Intuitively, if the query point is farther from the original training distribution represented by D, CNML will be able to more easily adapt to any arbitrary label in \mathcal{C}_1, …, \mathcal{C}_k, making the resulting predictions closer to uniform. In this way, CNML is able to produce better calibrated predictions, and maintain a clear notion of uncertainty based on which data point is being queried.

Leveraging CNML-based classifiers for Reward Inference

Given the above background on CNML as a means to produce better calibrated classifiers, it becomes clear that this provides us a straightforward way to address the overconfidence problem with classifier based rewards in outcome driven RL. By replacing a standard maximum likelihood classifier with one trained using CNML, we are able to capture a notion of uncertainty and obtain directed exploration for outcome driven RL. In fact, in the discrete case, CNML corresponds to imposing a uniform prior on the output space — in an RL setting, this is equivalent to using a count-based exploration bonus as the reward function. This turns out to give us a very appropriate notion of uncertainty in the rewards, and solves many of the exploration challenges present in classifier based RL.

However, we don’t usually operate in the discrete case. In most cases, we use expressive function approximators and the resulting representations of different states in the world share similarities. When a CNML based classifier is learned in this scenario, with expressive function approximation, we see that it can provide more than just task agnostic exploration. In fact, it can provide a directed notion of reward shaping, which guides an agent towards the goal rather than simply encouraging it to expand the visited region naively. As visualized below, CNML encourages exploration by giving optimistic success probabilities in less-visited regions, while also providing better shaping towards the goal.

As we will show in our experimental results, this intuition scales to higher dimensional problems and more complex state and action spaces, enabling CNML based rewards to solve significantly more challenging tasks than is possible with typical classifier based rewards.

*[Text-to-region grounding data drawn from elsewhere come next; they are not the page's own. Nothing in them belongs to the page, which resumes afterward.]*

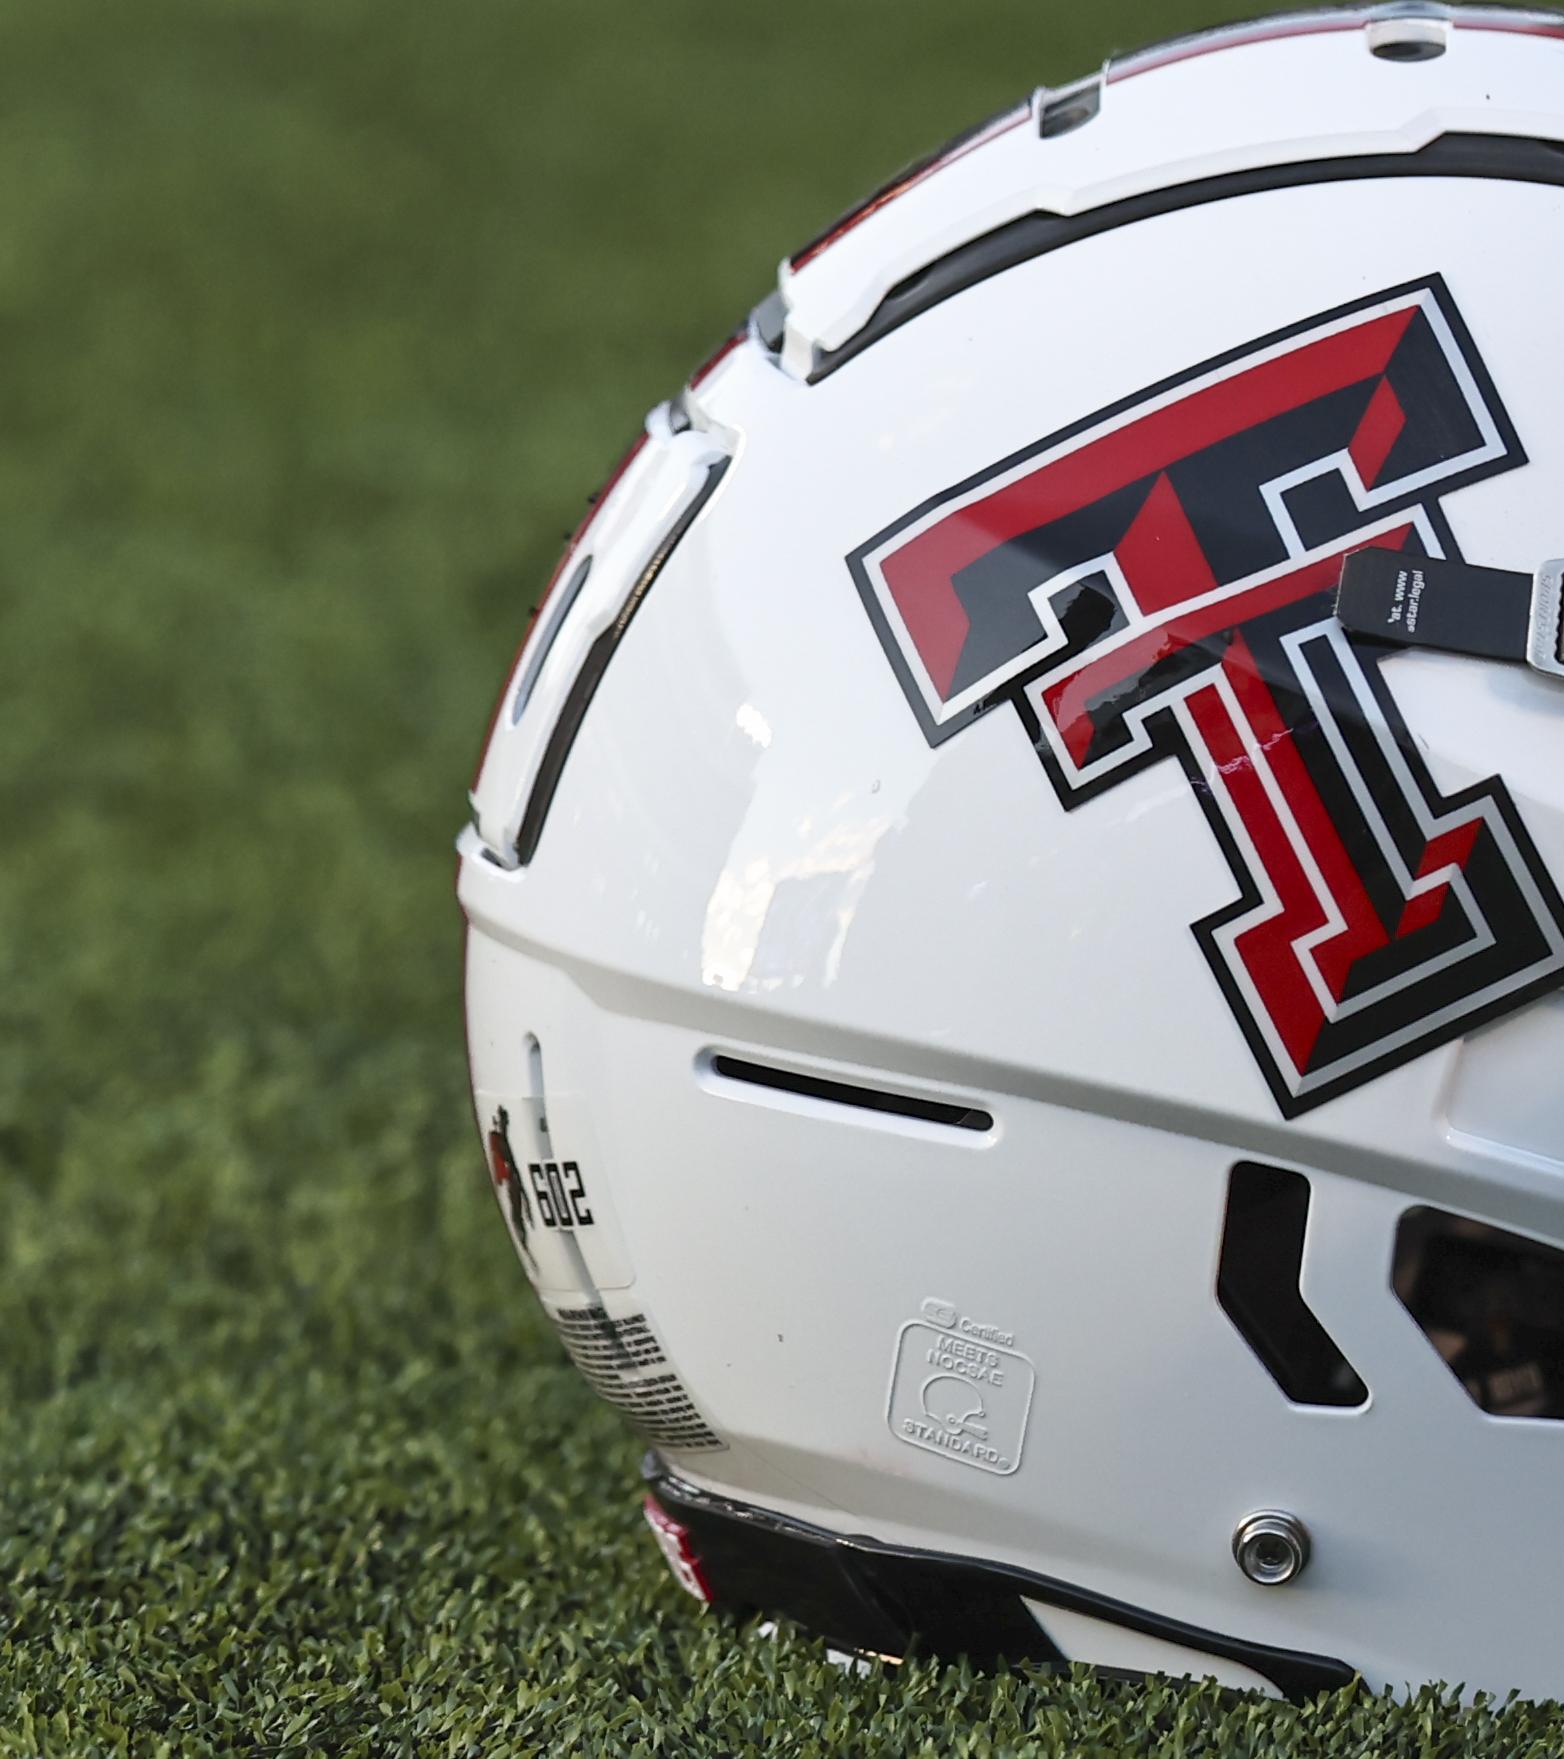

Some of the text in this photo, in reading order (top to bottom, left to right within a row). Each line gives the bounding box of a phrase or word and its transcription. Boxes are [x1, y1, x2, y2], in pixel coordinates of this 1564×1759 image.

[528, 1160, 594, 1228] 602
[926, 1348, 1005, 1388] NOCSAE
[937, 1334, 1001, 1368] MEETS
[902, 1417, 1000, 1465] STANDARD
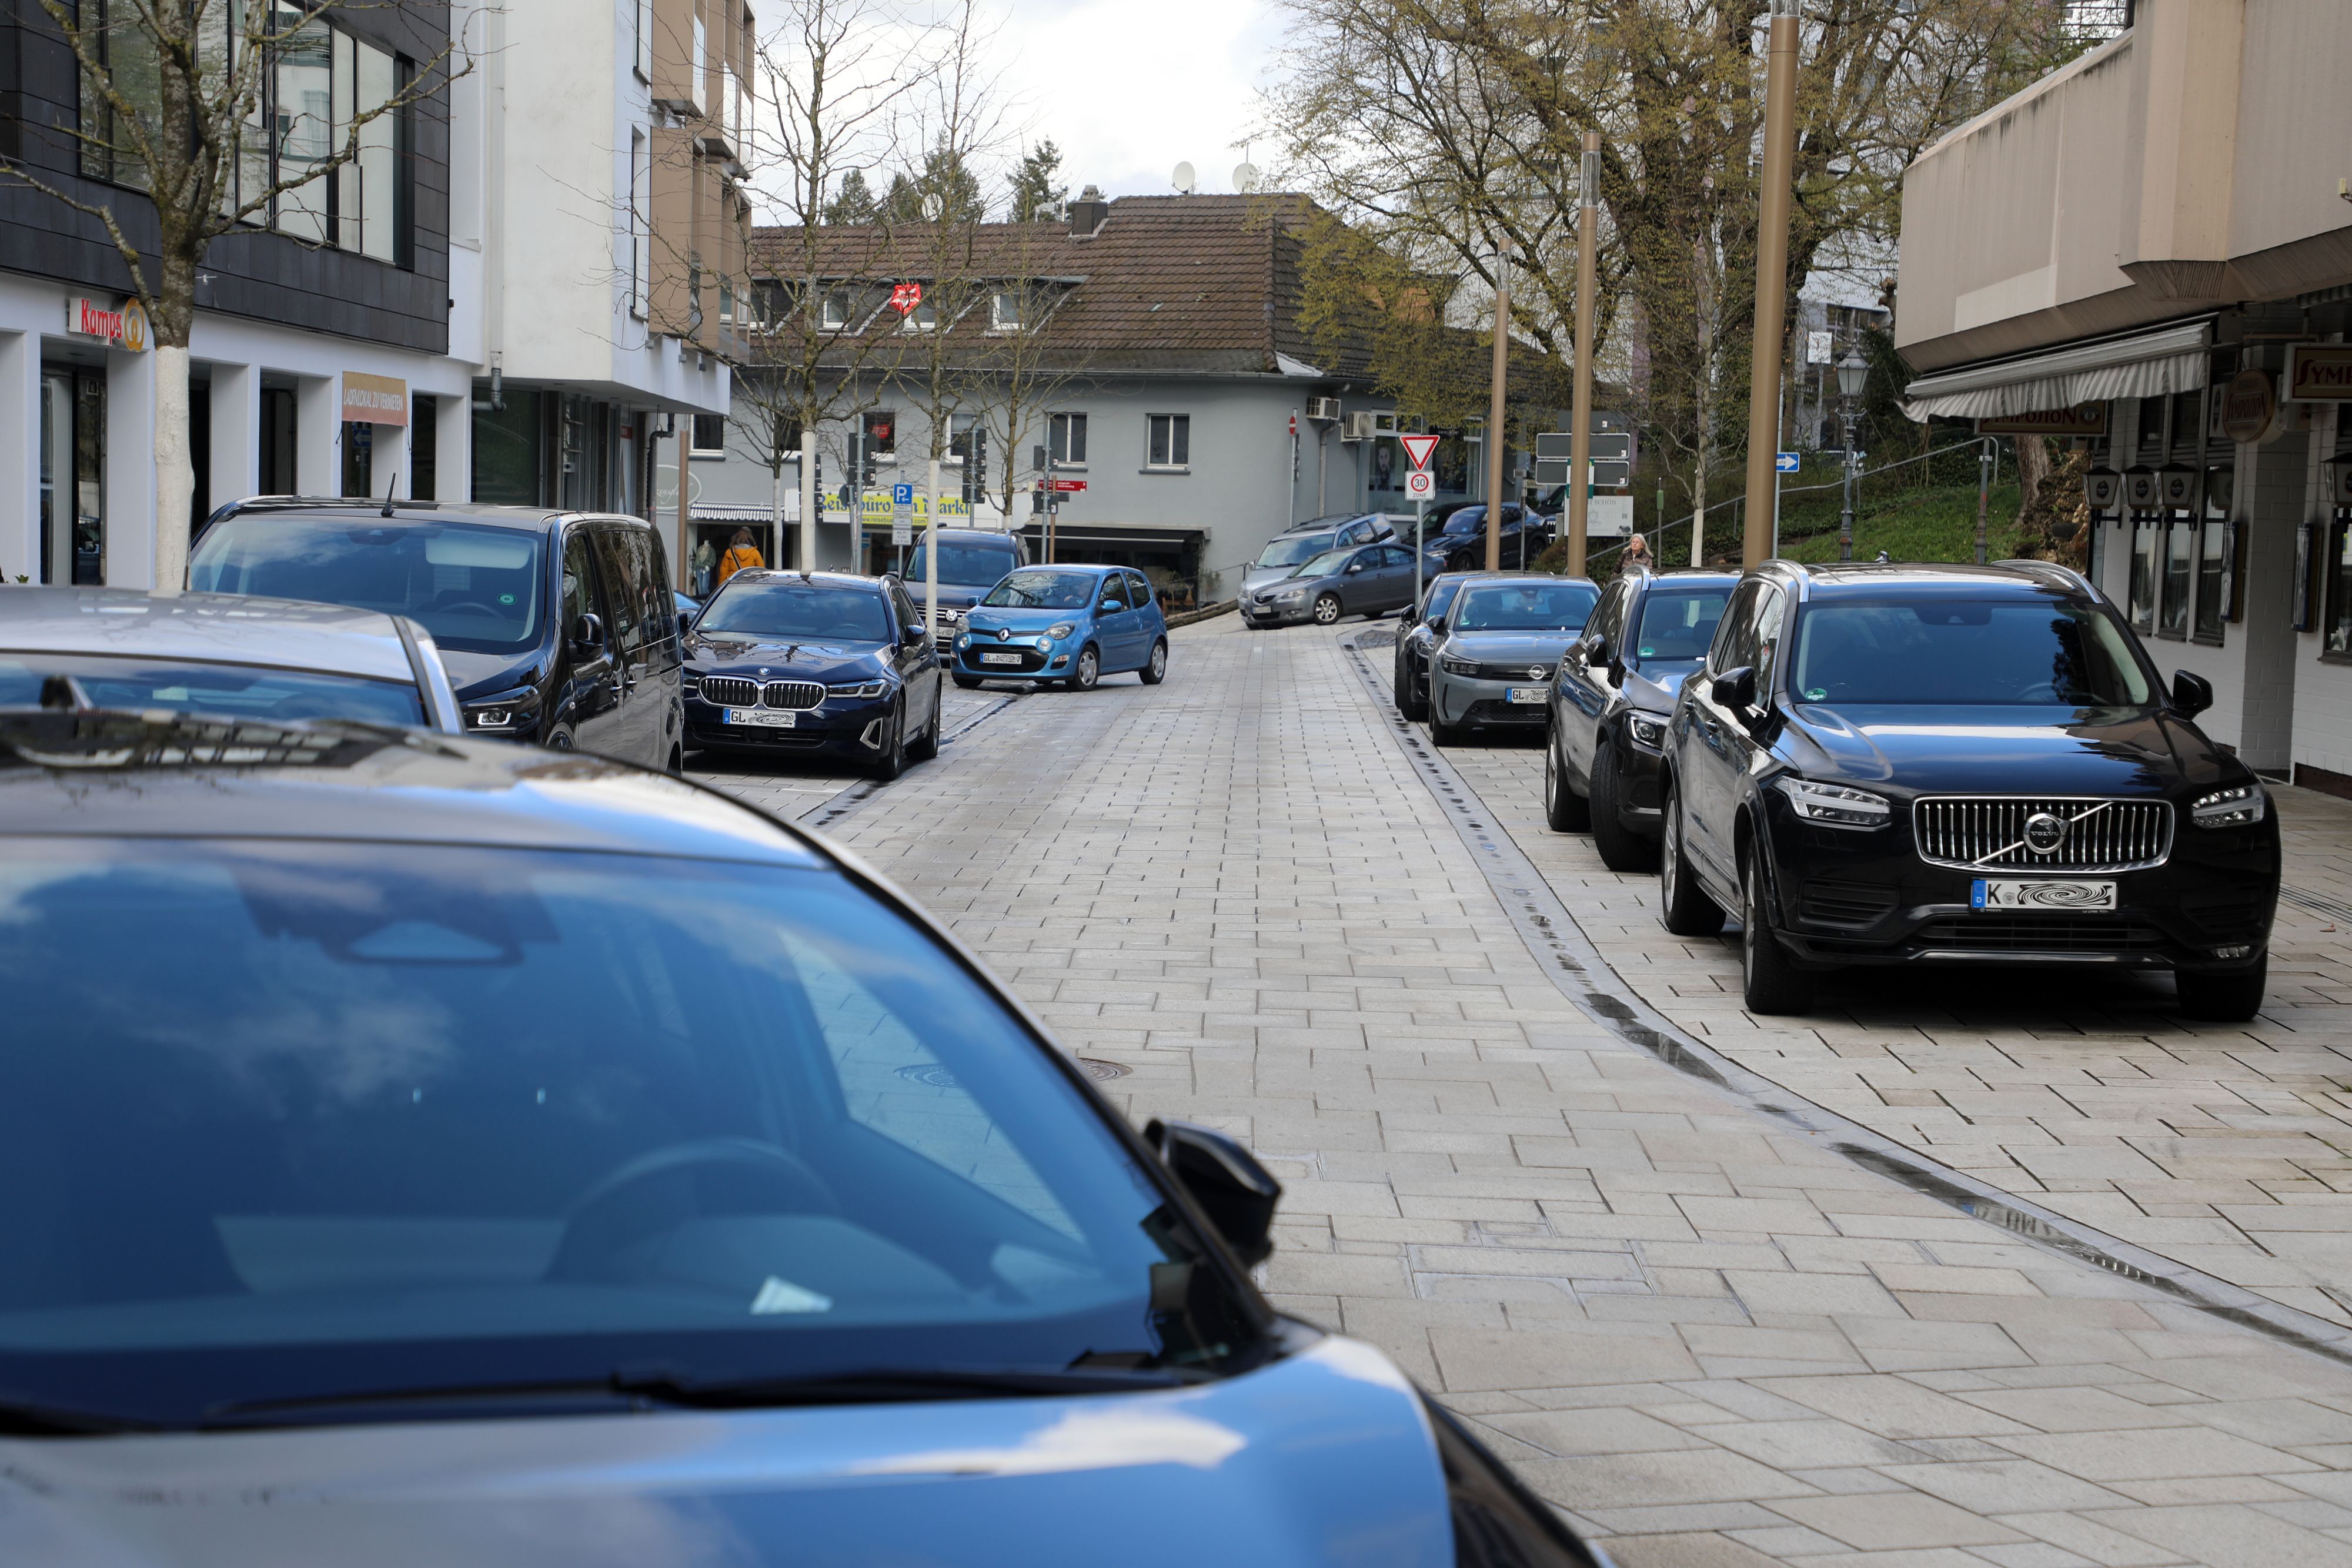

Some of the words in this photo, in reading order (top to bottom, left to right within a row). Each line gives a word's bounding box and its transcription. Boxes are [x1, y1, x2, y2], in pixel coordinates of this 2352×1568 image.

[81, 299, 122, 346] Kamps
[343, 388, 372, 407] LADENLOKAL
[372, 391, 379, 409] ZU
[379, 392, 403, 412] VERMIETEN
[1414, 479, 1425, 487] 30
[896, 486, 907, 502] P
[1513, 690, 1524, 700] GL
[731, 711, 746, 723] GL
[1987, 884, 2002, 904] K

However, on closer inspection of the CNML procedure, a major challenge becomes apparent. Each time a query is made to the CNML classifier, k different maximum likelihood problems need to be solved to convergence, then normalized to produce the desired likelihood. As the size of the dataset increases, as it naturally does in reinforcement learning, this becomes a prohibitively slow process. In fact, as seen in Table 1, RL with standard CNML based rewards takes around 4 hours to train a single epoch (1000 timesteps). Following this procedure blindly would take over a month to train a single RL agent, necessitating a more time efficient solution. This is where we find meta-learning to be a crucial tool.

Meta-Learning CNML Classifiers

Meta-learning is a tool that has seen a lot of use cases in few-shot learning for image classification, learning quicker optimizers and even learning more efficient RL algorithms. In essence, the idea behind meta-learning is to leverage a set of “meta-training” tasks to learn a model (and often an adaptation procedure) that can very quickly adapt to a new task drawn from the same distribution of problems.

Meta-learning techniques are particularly well suited to our class of computational problems since it involves quickly solving multiple different maximum likelihood problems to evaluate the CNML likelihood. Each the maximum likelihood problems share significant similarities with each other, enabling a meta-learning algorithm to very quickly adapt to produce solutions for each individual problem. In doing so, meta-learning provides us an effective tool for producing estimates of normalized maximum likelihood significantly more quickly than possible before.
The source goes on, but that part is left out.